**WORK REQUIRED:**
Output only the lines that run from the line holding "this 1600×1066 image." to the end of the data below, including both ends, without any pictures.
AVAILABLE DATA: Begin
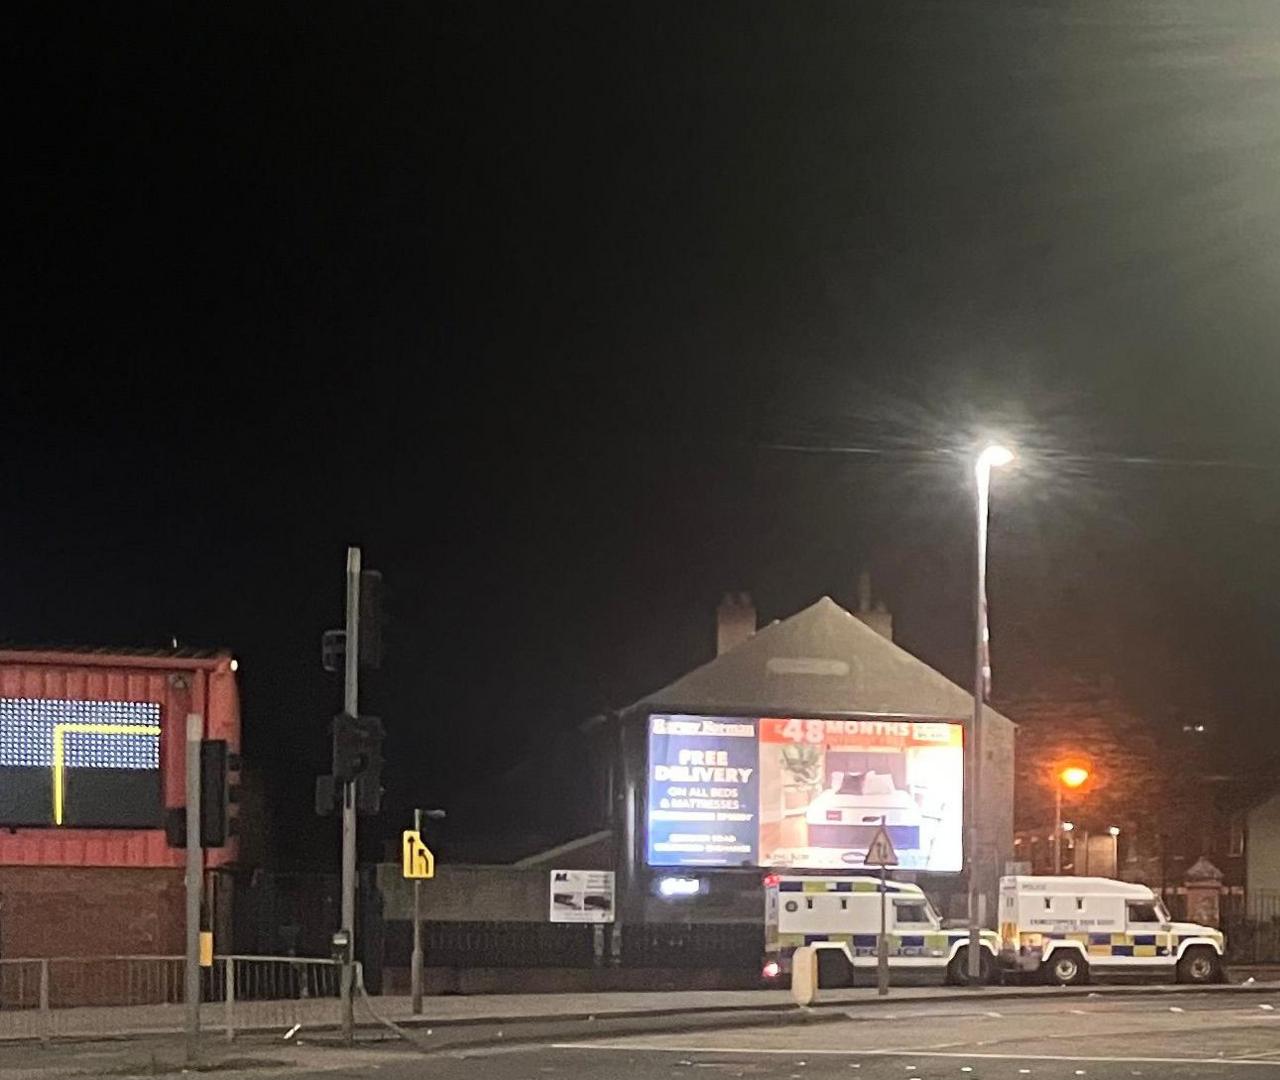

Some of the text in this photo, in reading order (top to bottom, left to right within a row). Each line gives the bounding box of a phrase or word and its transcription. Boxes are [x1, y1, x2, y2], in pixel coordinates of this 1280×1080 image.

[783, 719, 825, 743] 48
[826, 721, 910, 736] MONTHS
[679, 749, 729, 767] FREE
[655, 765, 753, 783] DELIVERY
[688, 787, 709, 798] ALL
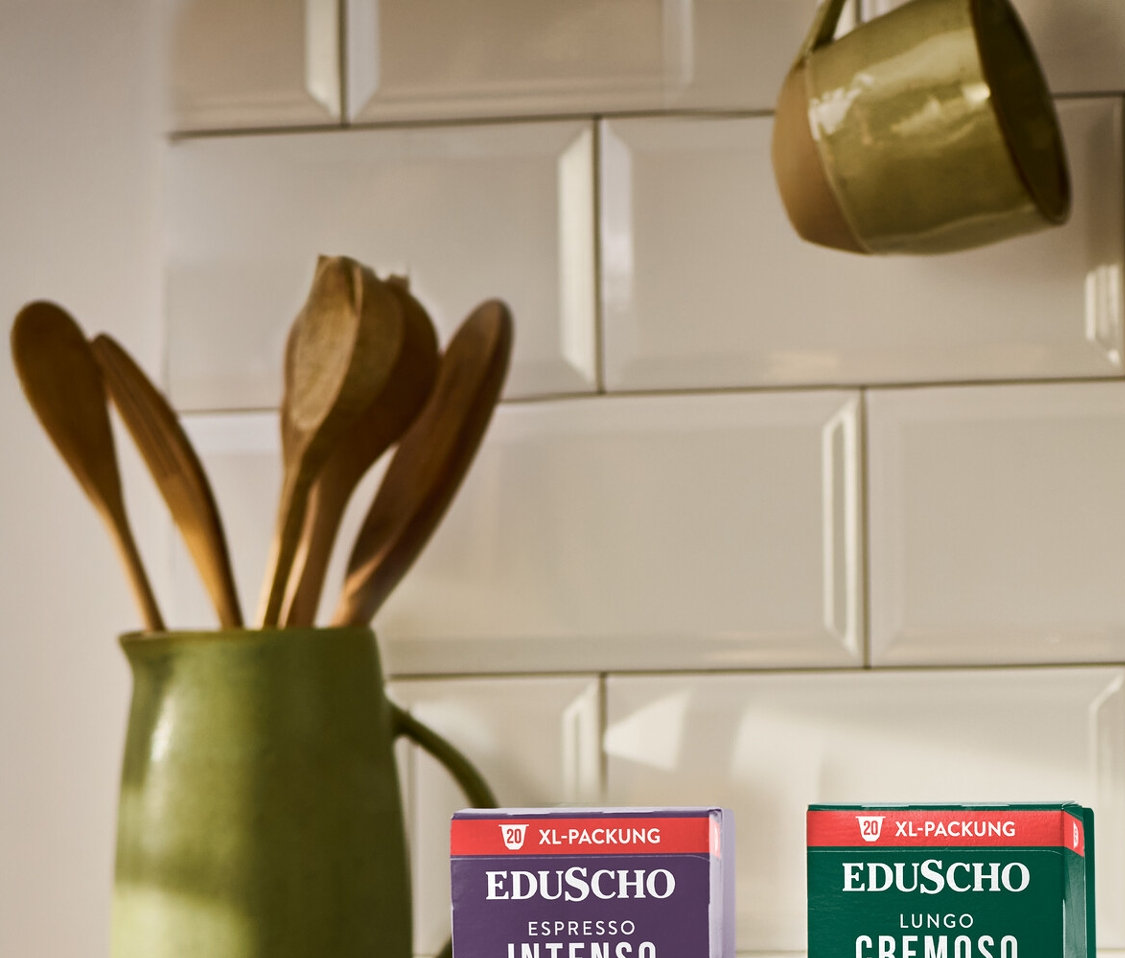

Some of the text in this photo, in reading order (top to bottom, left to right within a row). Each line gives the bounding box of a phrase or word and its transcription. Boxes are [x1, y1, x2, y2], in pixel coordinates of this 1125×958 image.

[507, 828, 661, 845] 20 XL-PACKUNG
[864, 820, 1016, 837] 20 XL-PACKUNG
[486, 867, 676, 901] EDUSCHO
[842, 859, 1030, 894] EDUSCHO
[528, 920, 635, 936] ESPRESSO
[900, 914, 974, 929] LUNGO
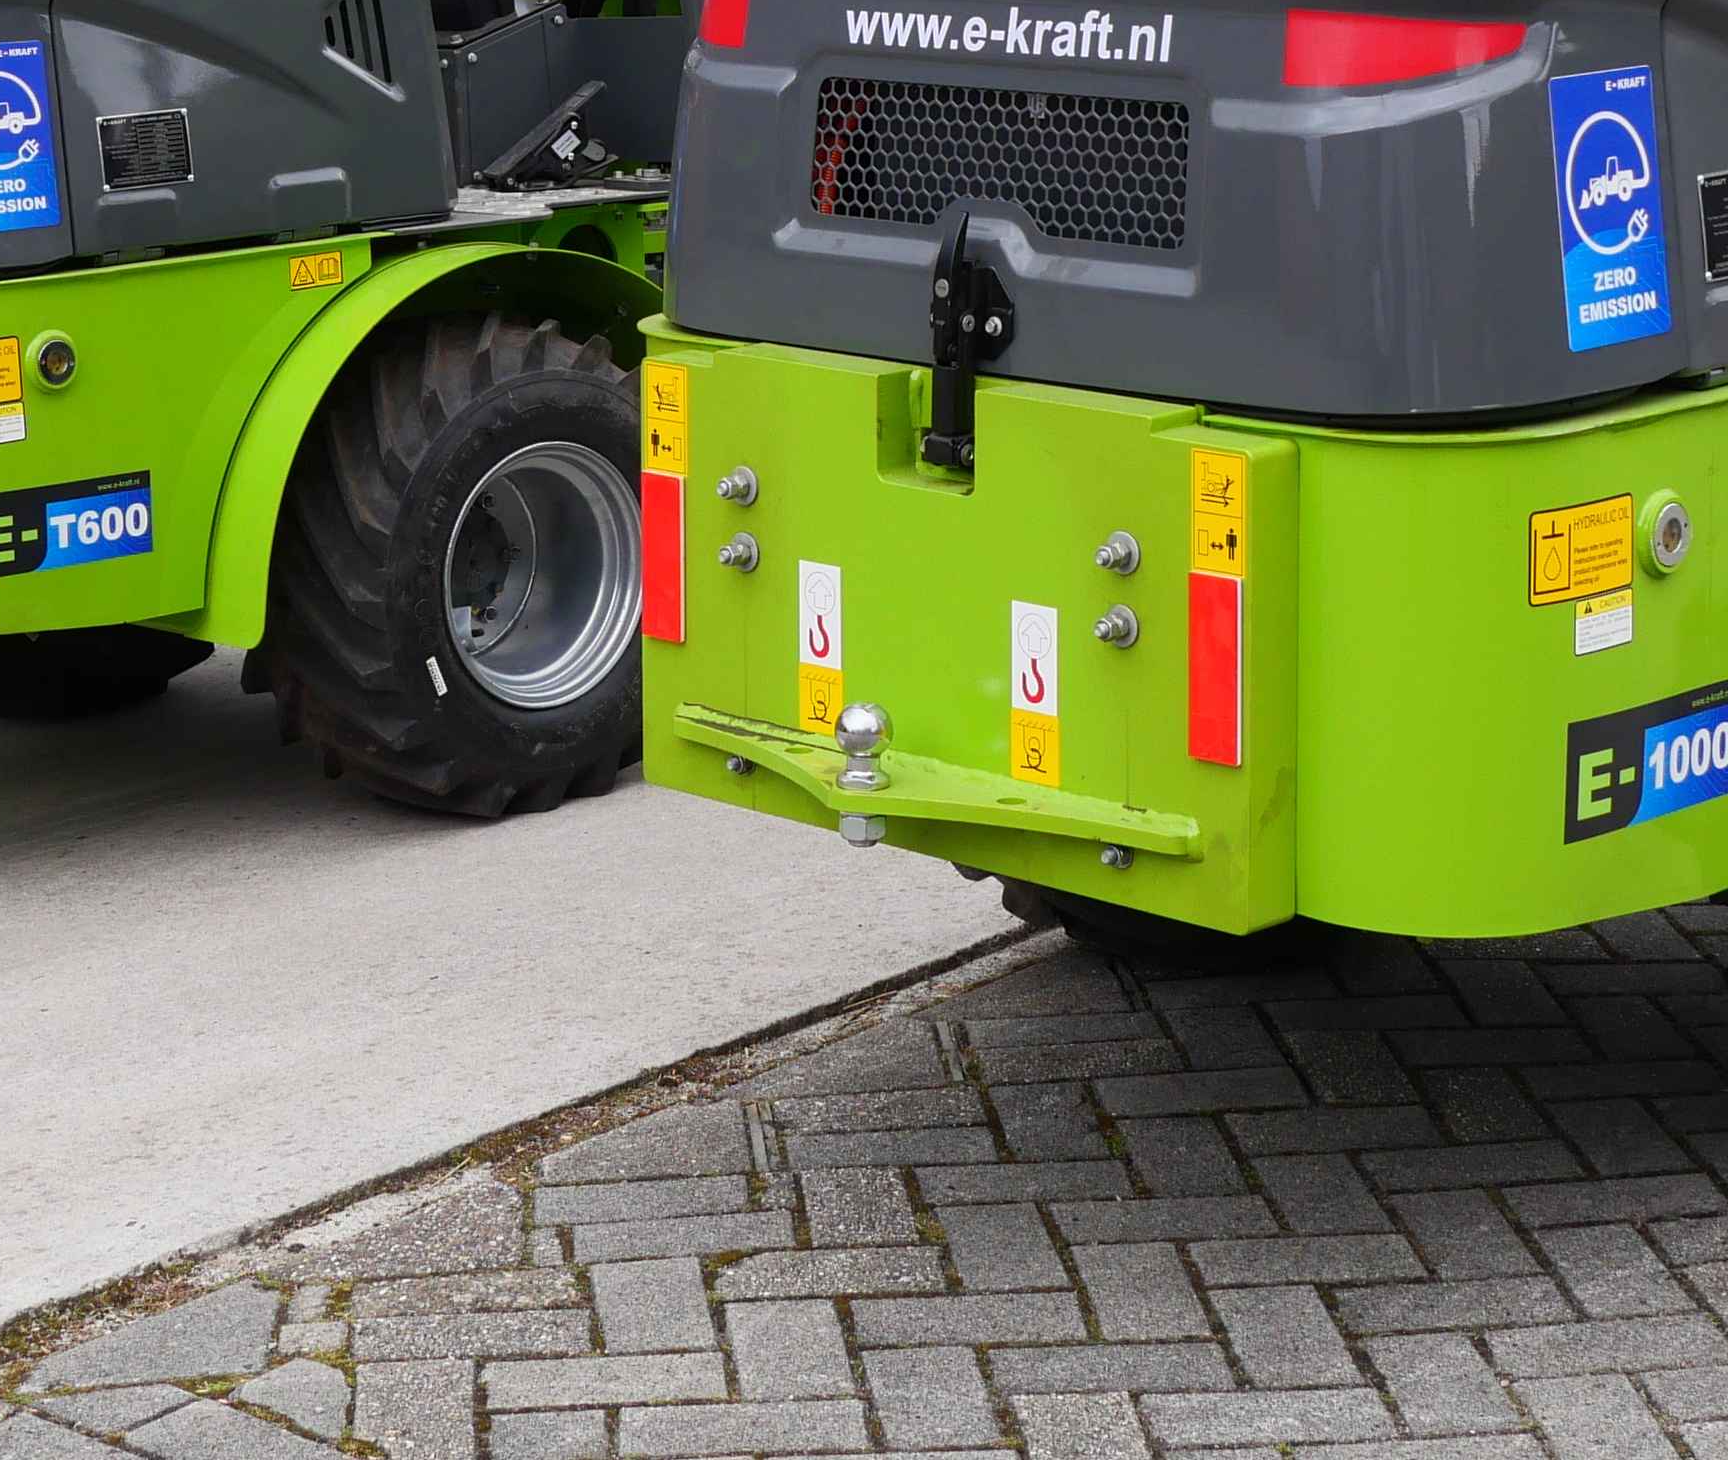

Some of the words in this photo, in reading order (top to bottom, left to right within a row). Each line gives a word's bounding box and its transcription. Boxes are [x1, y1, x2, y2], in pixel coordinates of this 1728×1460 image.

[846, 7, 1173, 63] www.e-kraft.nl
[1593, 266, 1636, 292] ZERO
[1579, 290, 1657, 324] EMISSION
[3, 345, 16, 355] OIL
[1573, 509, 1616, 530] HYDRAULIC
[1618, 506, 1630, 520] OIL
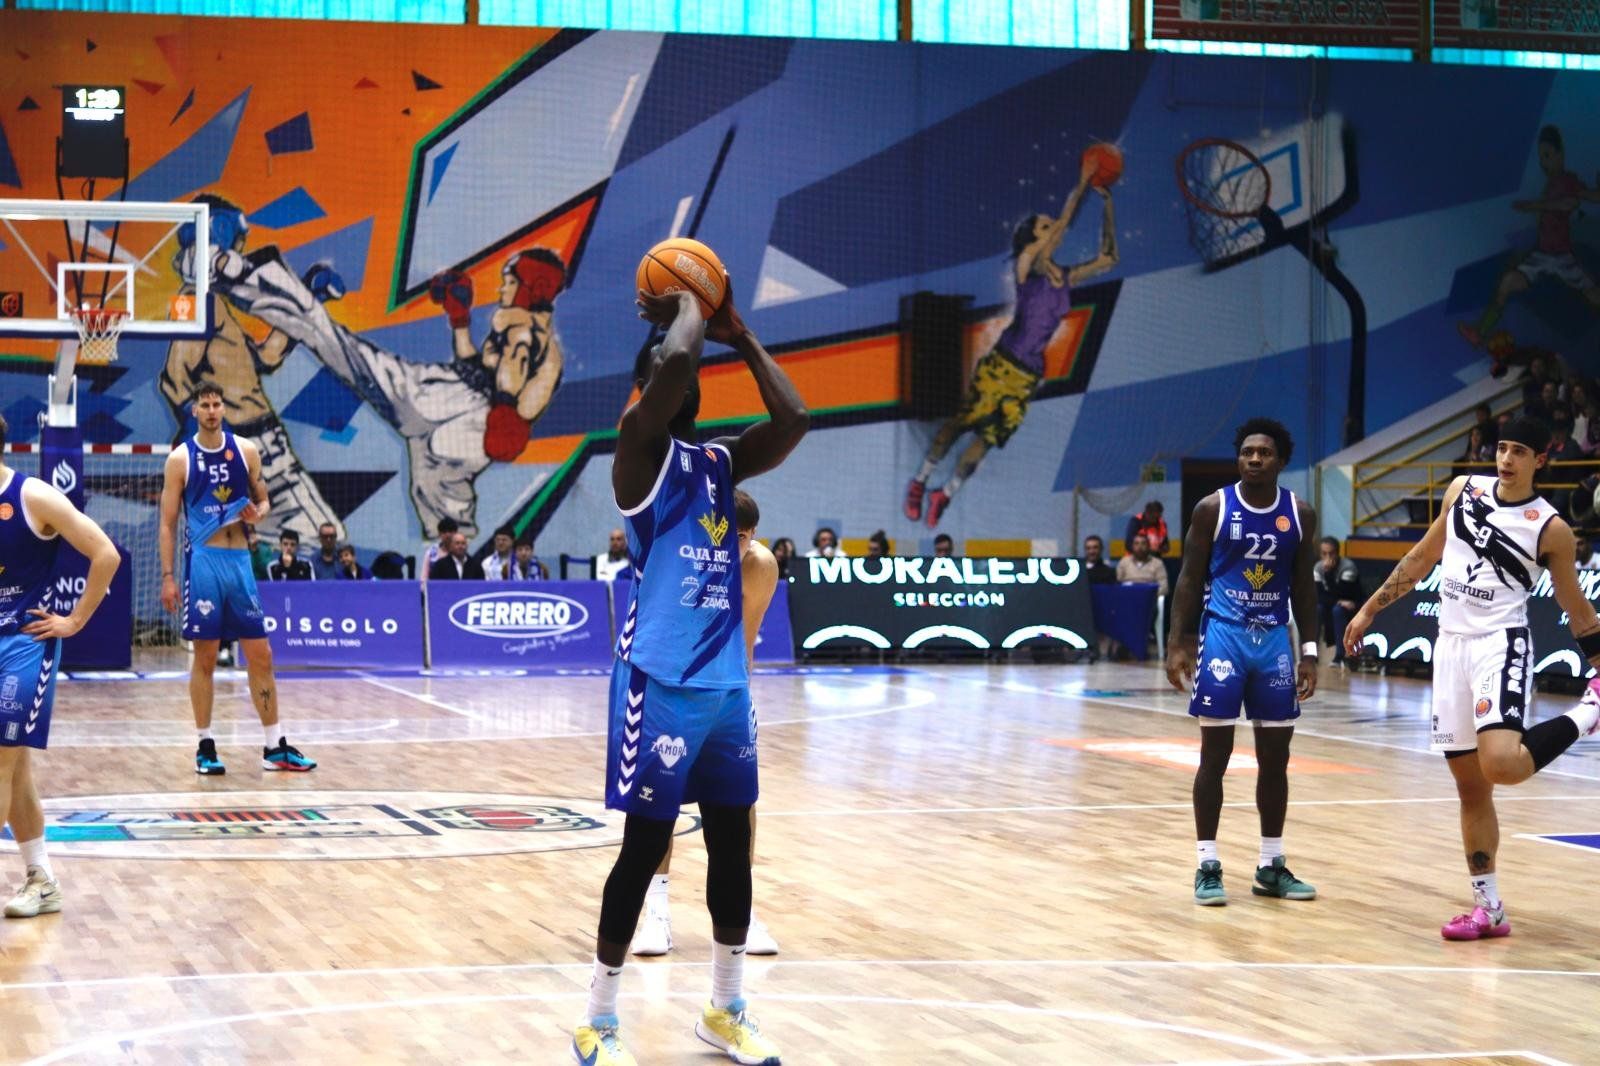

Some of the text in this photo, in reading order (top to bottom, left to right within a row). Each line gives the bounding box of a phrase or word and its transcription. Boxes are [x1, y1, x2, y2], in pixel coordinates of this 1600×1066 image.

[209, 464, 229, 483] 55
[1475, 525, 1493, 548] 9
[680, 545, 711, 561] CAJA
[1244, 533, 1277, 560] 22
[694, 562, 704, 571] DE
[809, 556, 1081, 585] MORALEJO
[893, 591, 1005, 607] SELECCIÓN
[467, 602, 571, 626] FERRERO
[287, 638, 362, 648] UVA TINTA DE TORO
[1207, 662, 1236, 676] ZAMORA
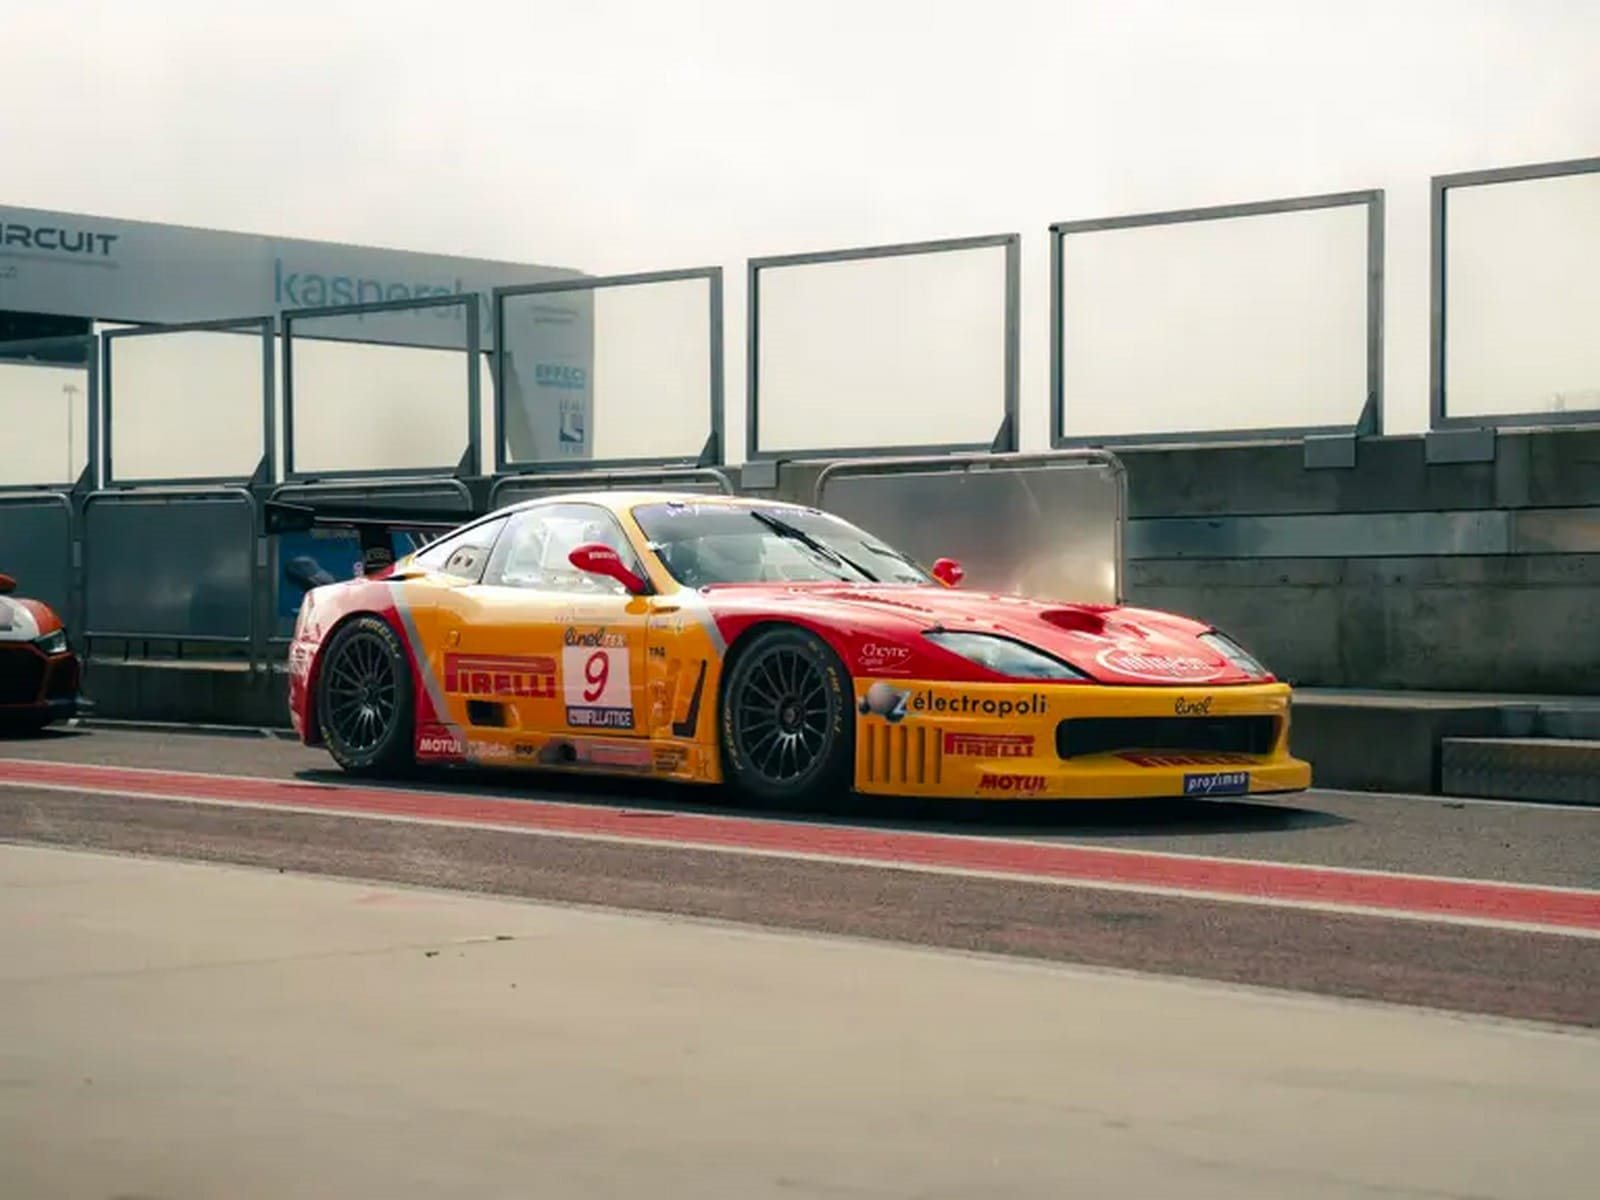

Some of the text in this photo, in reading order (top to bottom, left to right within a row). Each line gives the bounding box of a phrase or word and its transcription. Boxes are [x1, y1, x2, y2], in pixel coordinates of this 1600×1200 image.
AVAILABLE DATA: End
**RESULT OF THIS EXERCISE:**
Some of the text in this photo, in reading order (top to bottom, left to right within a row). Each line gives the bounding box of a phrase or word and its transcription. Boxes are [x1, y1, x2, y2], in pixel coordinates of this 1600×1066 image.

[209, 464, 229, 483] 55
[1475, 525, 1493, 548] 9
[680, 545, 711, 561] CAJA
[1244, 533, 1277, 560] 22
[694, 562, 704, 571] DE
[809, 556, 1081, 585] MORALEJO
[893, 591, 1005, 607] SELECCIÓN
[467, 602, 571, 626] FERRERO
[287, 638, 362, 648] UVA TINTA DE TORO
[1207, 662, 1236, 676] ZAMORA

Some of the text in this photo, in reading order (top to bottom, left to right within a row). Each line gives the bounding box of a phrase or word and its transcription. Boxes are [x1, y1, x2, y2], in pixel coordinates of this 1600×1200 image.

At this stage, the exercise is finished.